The entries are to be duplicated exactly, though any picture in them must be omitted.

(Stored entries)
'''
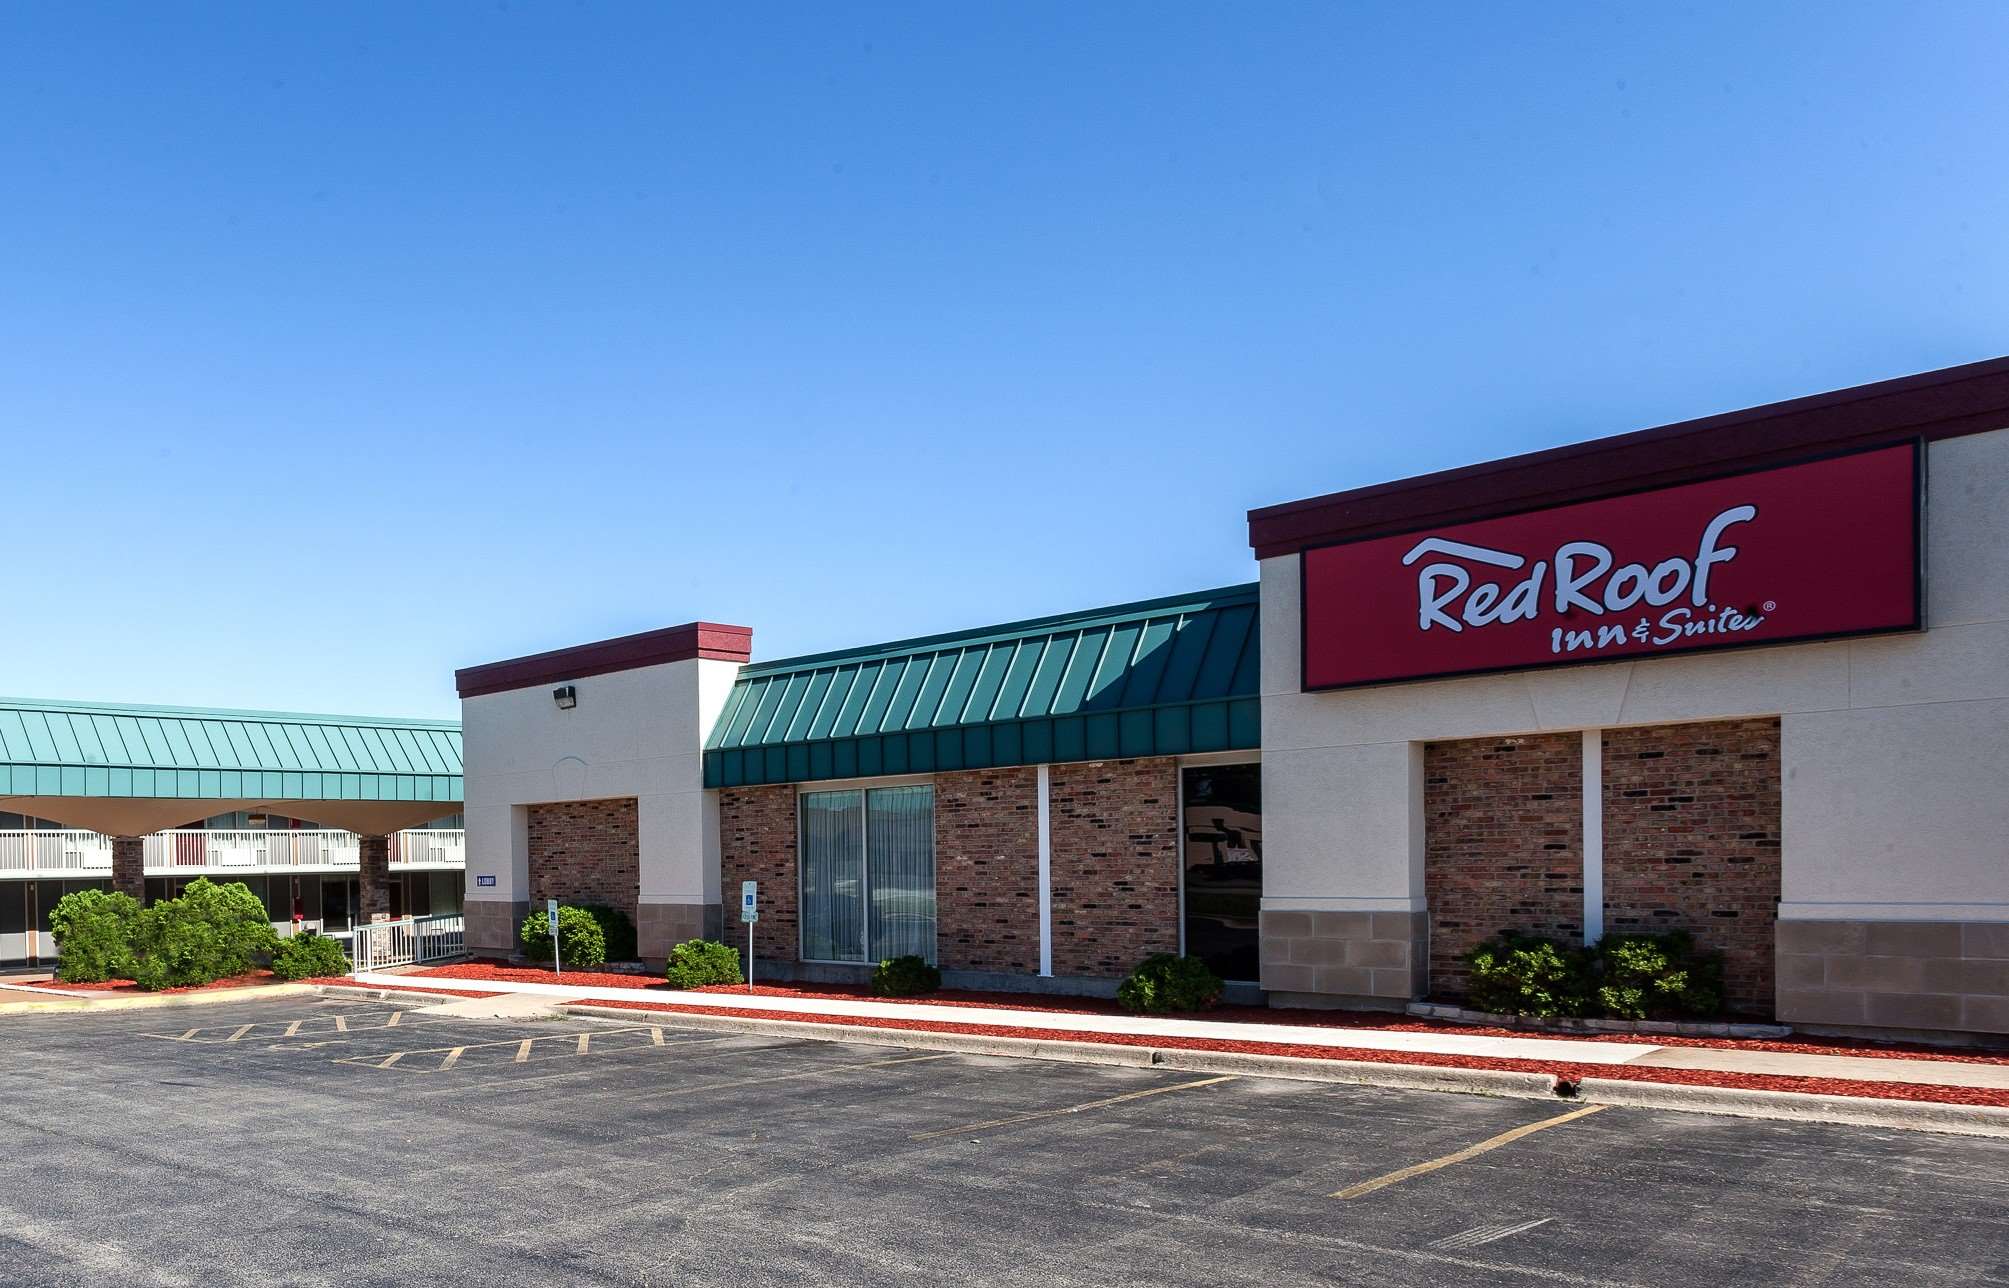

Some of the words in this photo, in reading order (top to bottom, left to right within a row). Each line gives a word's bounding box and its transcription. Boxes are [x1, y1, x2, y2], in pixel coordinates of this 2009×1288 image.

[1418, 561, 1547, 632] Red
[1554, 505, 1758, 615] Roof
[1551, 624, 1627, 653] Inn
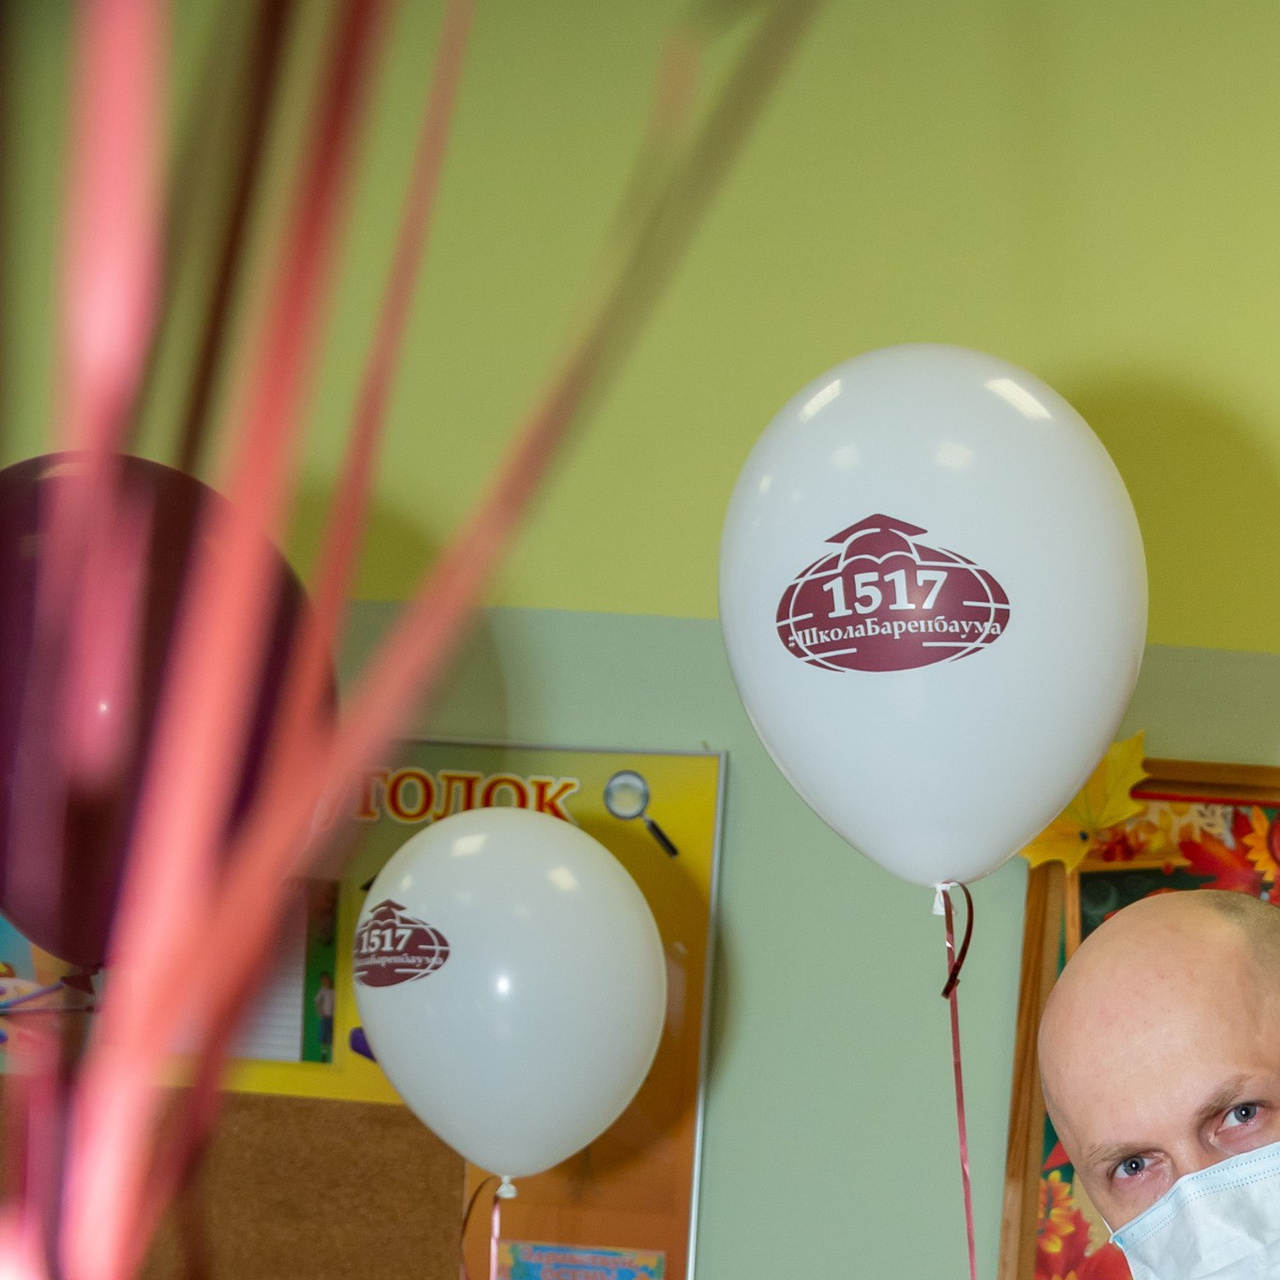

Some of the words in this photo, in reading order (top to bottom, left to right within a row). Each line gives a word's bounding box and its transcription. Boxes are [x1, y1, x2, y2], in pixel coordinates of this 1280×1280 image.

[822, 569, 948, 618] 1517
[788, 615, 1001, 647] #ШколаБаренбаума
[354, 770, 579, 822] ГОЛОК
[360, 928, 413, 953] 1517
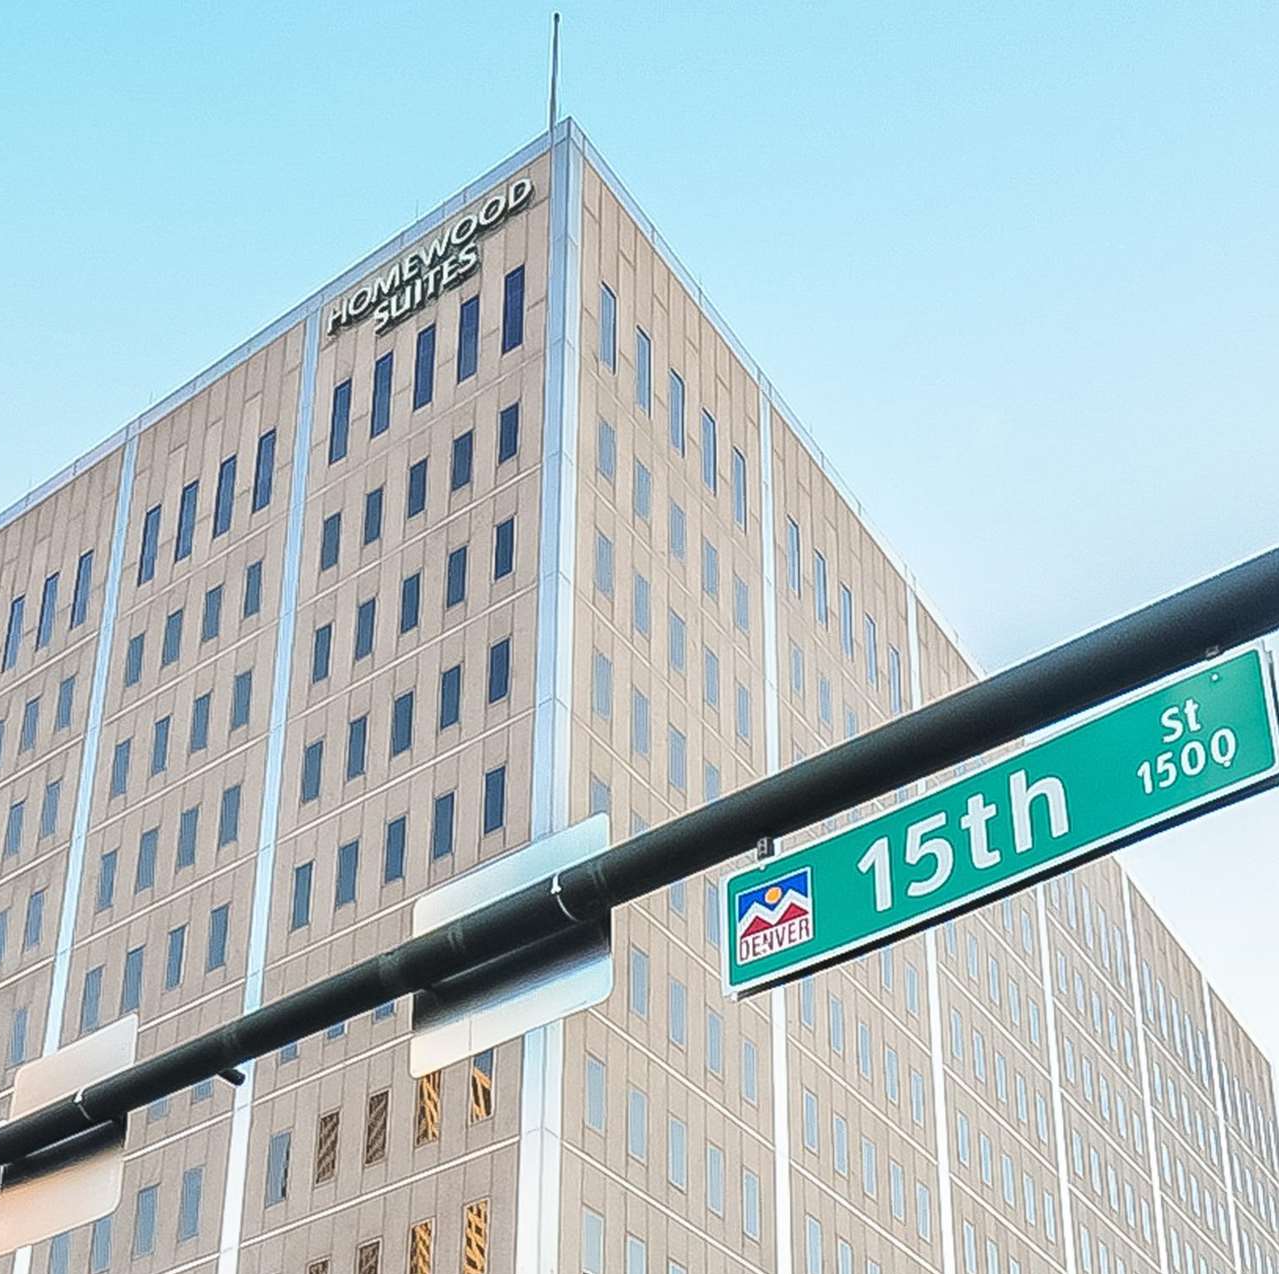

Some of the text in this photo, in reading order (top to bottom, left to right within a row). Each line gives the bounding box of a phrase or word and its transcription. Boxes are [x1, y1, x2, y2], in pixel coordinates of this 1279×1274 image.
'''
Expected answer =>
Some of the words in this photo, in reading order (top to bottom, left to right within a row). Each line gives a word's bounding box and its transcription. Boxes are [x1, y1, x2, y2], in pixel coordinates of this 2009×1288 image.

[1418, 561, 1547, 632] Red
[1554, 505, 1758, 615] Roof
[1551, 624, 1627, 653] Inn

Some of the words in this photo, in reading order (top to bottom, left to right within a row). Each line gives a word's bounding box and its transcription. Boxes are [x1, y1, x2, y2], in pixel coordinates of this 1280×1280 image.

[822, 569, 948, 618] 1517
[788, 615, 1001, 647] #ШколаБаренбаума
[354, 770, 579, 822] ГОЛОК
[360, 928, 413, 953] 1517

Some of the text in this photo, in reading order (top to bottom, left to right within a row). Each line gives the bounding box of a phrase or word and its transcription. Boxes are [x1, y1, x2, y2], in pixel coordinates of this 1279×1274 image.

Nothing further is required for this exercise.